Y la pregunta que se impone es: ¿de dónde salen los cuadros de las administraciones públicas? La respuesta, a nivel formal e ideal, la da la Constitución: las relaciones del Estado y sus entidades con sus trabajadores se rigen por la Ley de Servicio Civil. Esta ley, ninguna otra, mucho menos los pactos colectivos de condiciones de trabajo, debiera regular, con fundamento en méritos de capacidad, idoneidad y honradez el acceso a un cargo público y su permanencia en él (Artículos 107 y 113). Se exceptúa a las entidades autónomas cuyas propias leyes o disposiciones rijan esa relación, que, de todas formas, deben reflejar los mismos principios de capacidad, etc.
Pero ¿qué pasa cuando las instituciones políticas son disfuncionales? ¿Cómo afecta eso la integración de las administraciones públicas?
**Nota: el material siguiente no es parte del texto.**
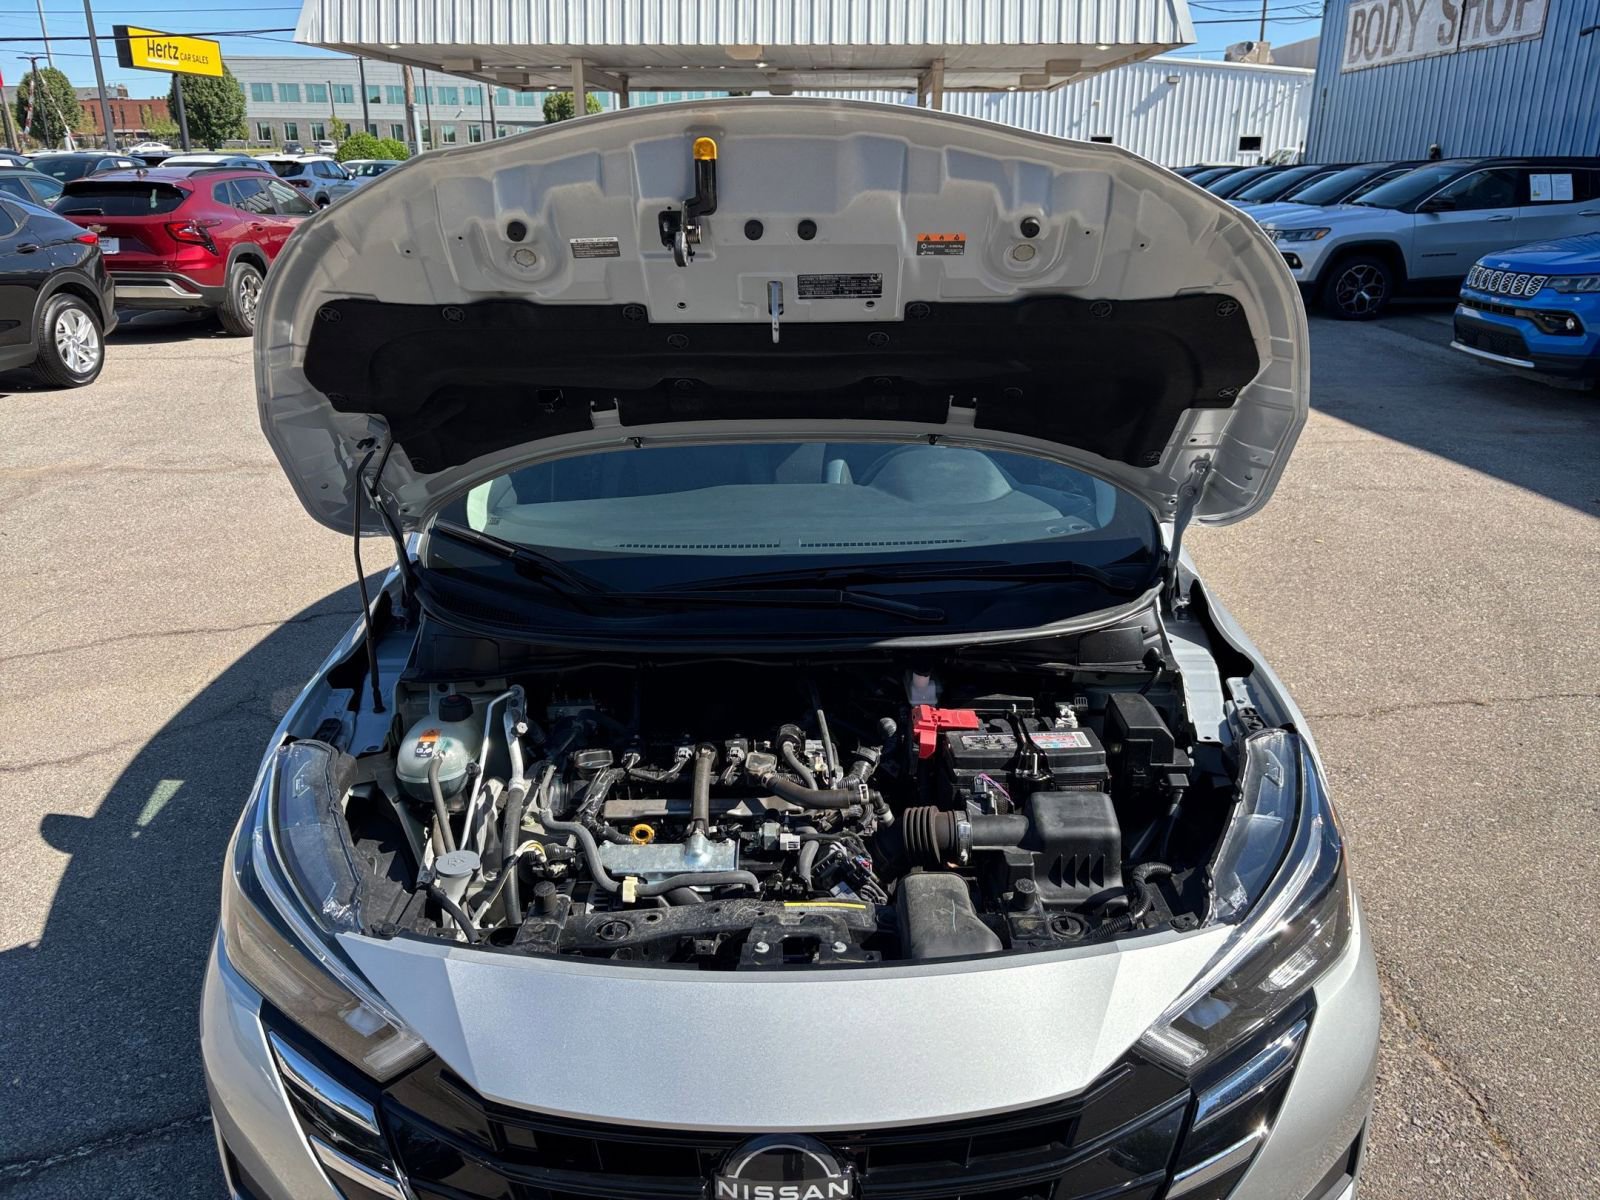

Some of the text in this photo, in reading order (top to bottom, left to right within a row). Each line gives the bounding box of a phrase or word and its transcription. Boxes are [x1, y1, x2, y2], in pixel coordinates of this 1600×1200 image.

La afecta directa y radicalmente. De las instituciones políticas han de surgir los candidatos a los altos cargos públicos en los Poderes Legislativo y Ejecutivo; de estos órganos surgen las leyes y reglamentos y los presupuestos estatales. Es decir, el dinero, las reglas y la responsabilidad de hacerlas valer.
Así, la disfuncionalidad de esas instituciones políticas trae consecuencias tales como que, en lugar de que sea con base en la Ley de Servicio Civil y con fundamento en méritos de capacidad, idoneidad y honradez que se rijan las relaciones del Estado con sus trabajadores, sea con base en pactos colectivos negociados a puerta cerrada que todo eso se cueza.
Eso tiene por objeto, naturalmente, contravenir otra disposición constitucional que prohíbe que los sindicatos de los trabajadores del Estado participen en política partidista (Arto. 116). En efecto, la relación que se entable es muy sencilla: los políticos conceden prebendas en los pactos colectivos que cuecen a puerta cerrada y los sindicatos, los votos para ganar la siguiente elección.
Las buenas noticias son que, todo eso, puede reformarse. No es fácil, pero tampoco imposible.
Eduardo Mayora Alvarado
Ciudad de Guatemala 22 de octubre de 2021.